La ciudad permanecía silenciosa y desierta; y al estruendo del mar de continuo bronco y agitado, se unía el de las campanas de la Catedral y de los innumerables templos que clamaban de día dy de noche por los agonizantes.
La peste, al igual que en otras agrupaciones de ciudadanos hizo acto de presencia en la cárcel; los reclusos encendidos de amora y de fe, percibiendo en donde podían hallar remedio para tamaña desventura, acogieron con entusiasmo la idea, concebida por uno de ellos, de sacar en procesion la imagen del Nazareno que se venerava en el inmediato convento, seguros de que con ello atraerían la proteccion del Cielo sobre la Ciudad.
Pero la autoridad permaneció indiferentea la suplica y el ansiado permiso les fue denegado.
Entonces, enardecidos de fe, se sublevaron, en una sublevacion silenciosa, que se redujo principalmente a hacer ineficaz la custodia de los guardianes. Fantasmas de sí mismos, a quienes el delito mantenía al margen de la sociedad, sin despojarse de los grilletes y cadenas, salieron a la calle, se trasladaron a la inmediata iglesia, se apoderaron dela imagen de Jesus El Rico conservada en su capilla y, en su divina locura, la llevaron en triunfo por los lugares mas afectados por la epidemia.

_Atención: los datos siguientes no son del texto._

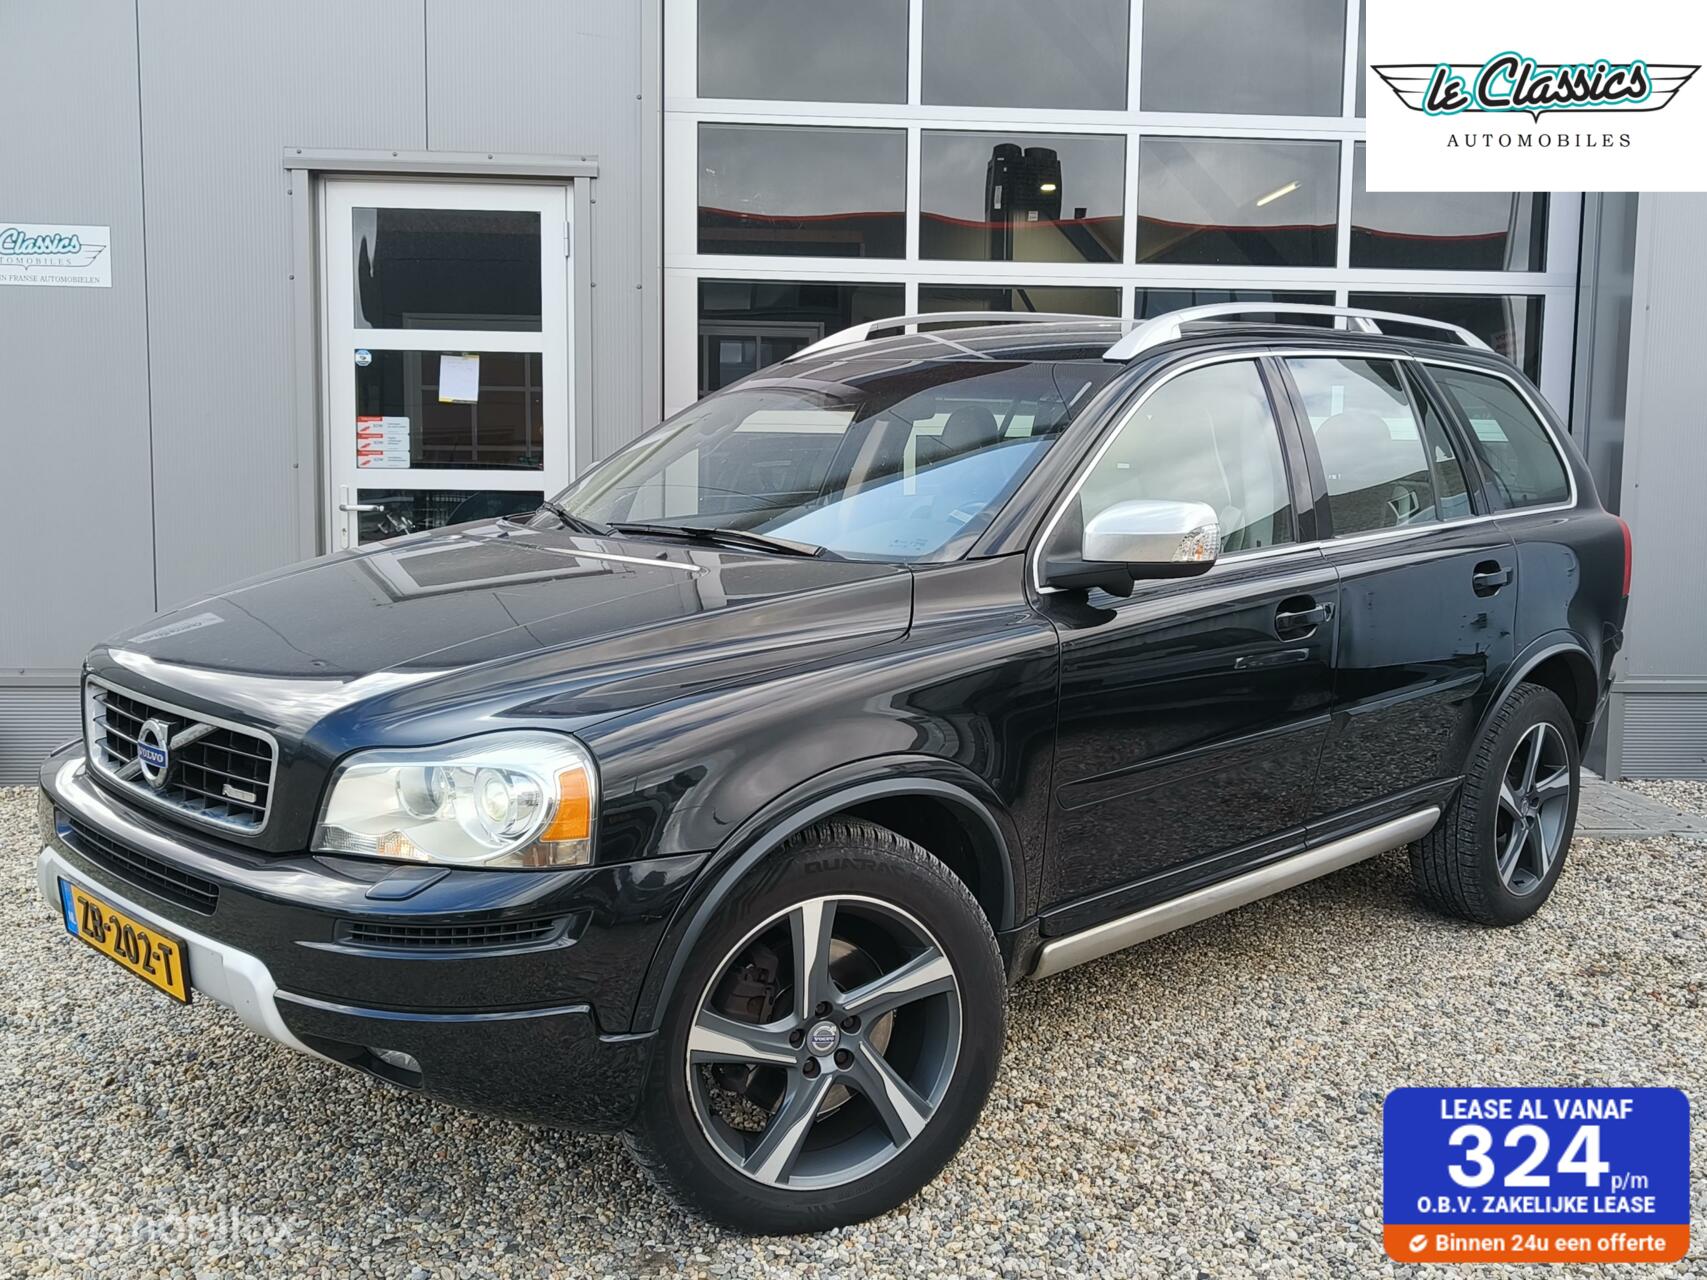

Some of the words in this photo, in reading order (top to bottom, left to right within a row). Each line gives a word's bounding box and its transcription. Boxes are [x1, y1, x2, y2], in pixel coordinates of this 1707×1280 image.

[0, 227, 81, 255] Classics
[138, 745, 164, 763] VOLVO
[77, 895, 174, 986] ZB-202-T

Finalizada la procesion, devolvieron la imagen a la iglesia y, acompañados de un público que les contemplaba absorto, contritos y reverenciosos, tornaron a la cárcel sin que ni uno solo se hubiese aprovechado del suceso para huir.
La ciudad entera fue testigo del prodigio, y de que la epidemia que amenazaba con acabar con la vida de todos, repentinamente desapareció.
El Rey Carlos II concedió la prerrogativa que cada Miercoles Santo, un preso quedase en libertad.
Esta tradicion dura hasta nuestros días. En la noche del Miercoles Santo, Nuestro Padre Jesus el Rico, concede la libertad a un preso, el cual le acompaña durante toda la procesion en señal de agradecimiento.